◆ DATA SUPPLIED ◆
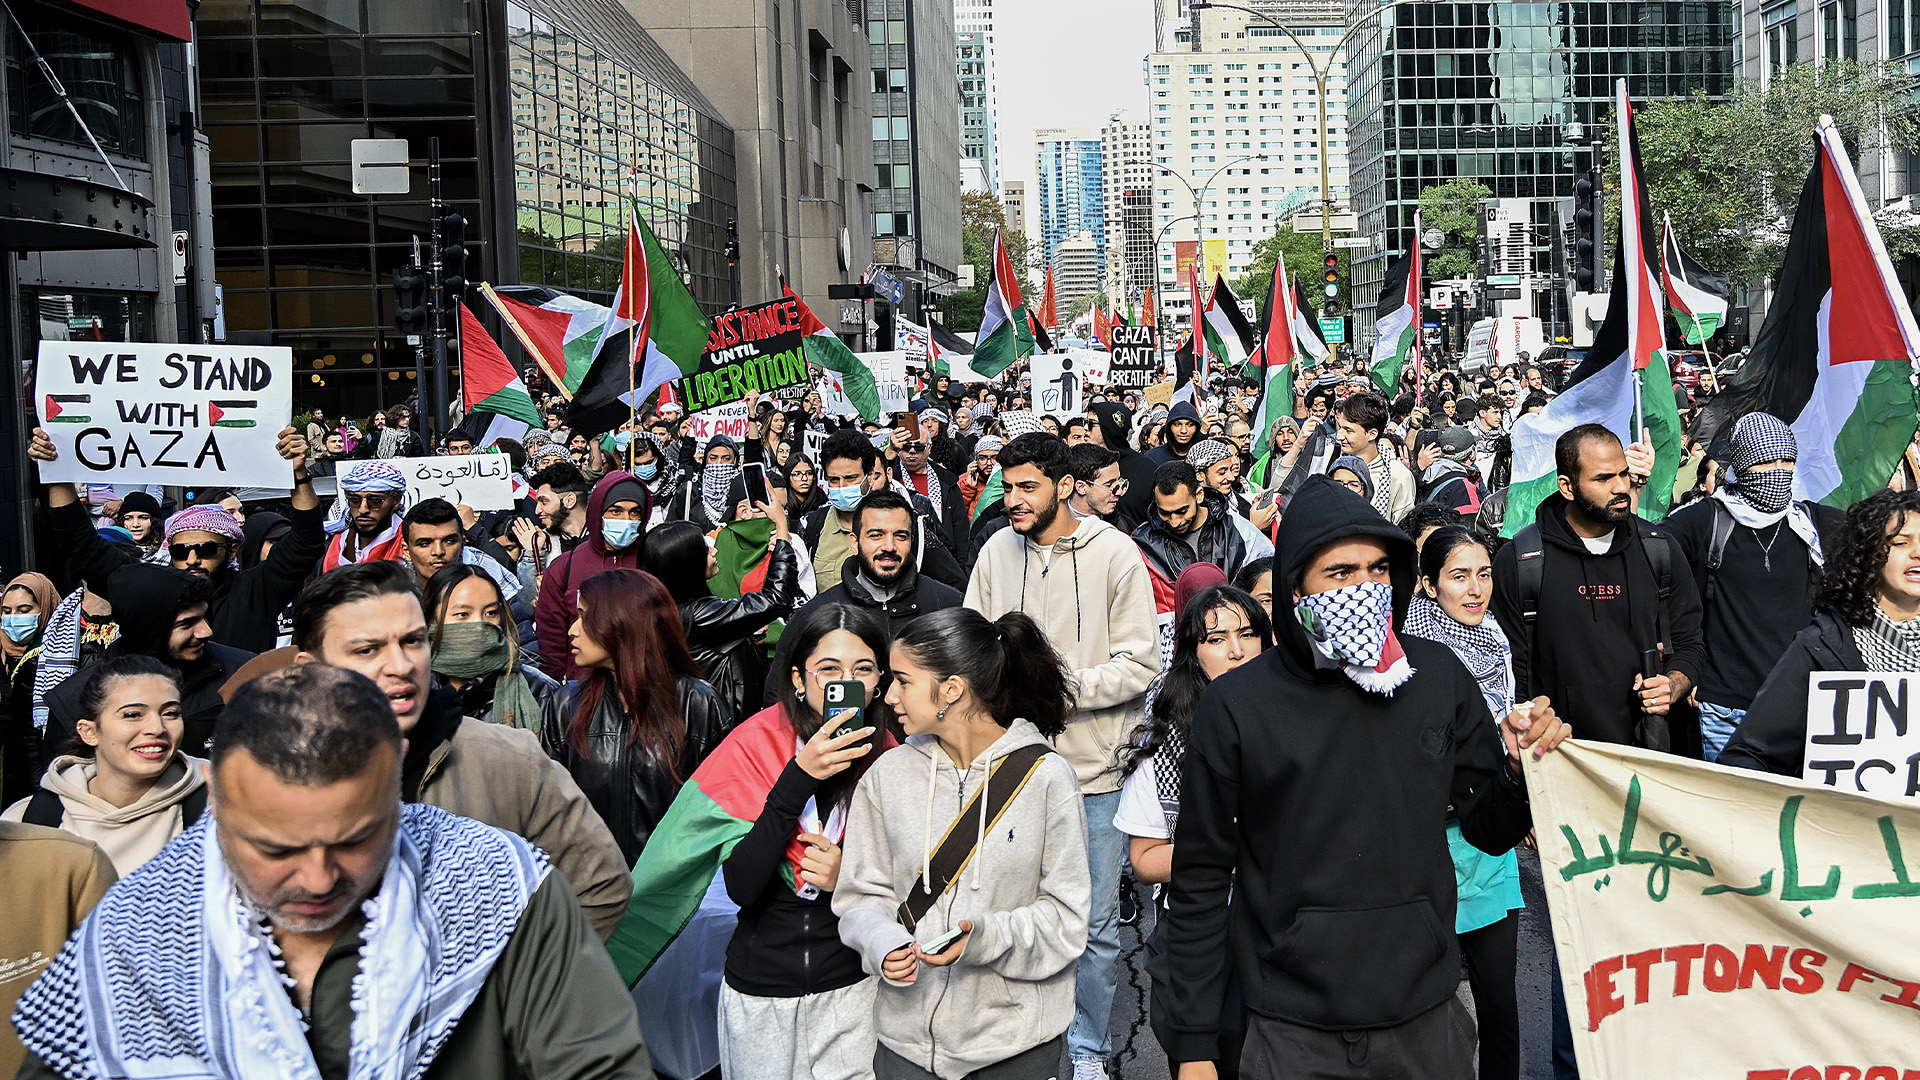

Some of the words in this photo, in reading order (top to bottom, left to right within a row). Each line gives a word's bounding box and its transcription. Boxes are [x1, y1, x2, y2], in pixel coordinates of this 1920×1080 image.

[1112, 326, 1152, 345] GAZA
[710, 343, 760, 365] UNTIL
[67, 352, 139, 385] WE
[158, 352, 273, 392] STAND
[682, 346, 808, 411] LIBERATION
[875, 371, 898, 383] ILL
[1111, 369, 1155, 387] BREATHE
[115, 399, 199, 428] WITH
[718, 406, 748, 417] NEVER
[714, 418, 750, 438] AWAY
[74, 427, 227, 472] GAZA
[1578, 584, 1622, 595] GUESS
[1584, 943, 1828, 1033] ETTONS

◆ DIRECTIONS ◆
Please copy out the whole listing exactly as it stands, minus the pictures.

◆ REPLY TO THE TASK ◆
Some of the words in this photo, in reading order (top to bottom, left to right within a row). Each line gives a word's bounding box and its transcription. Boxes are [x1, y1, x2, y2], in pixel coordinates of this 1920×1080 image.

[1112, 326, 1152, 345] GAZA
[710, 343, 760, 365] UNTIL
[67, 352, 139, 385] WE
[158, 352, 273, 392] STAND
[682, 346, 808, 411] LIBERATION
[875, 371, 898, 383] ILL
[1111, 369, 1155, 387] BREATHE
[115, 399, 199, 428] WITH
[718, 406, 748, 417] NEVER
[714, 418, 750, 438] AWAY
[74, 427, 227, 472] GAZA
[1578, 584, 1622, 595] GUESS
[1584, 943, 1828, 1033] ETTONS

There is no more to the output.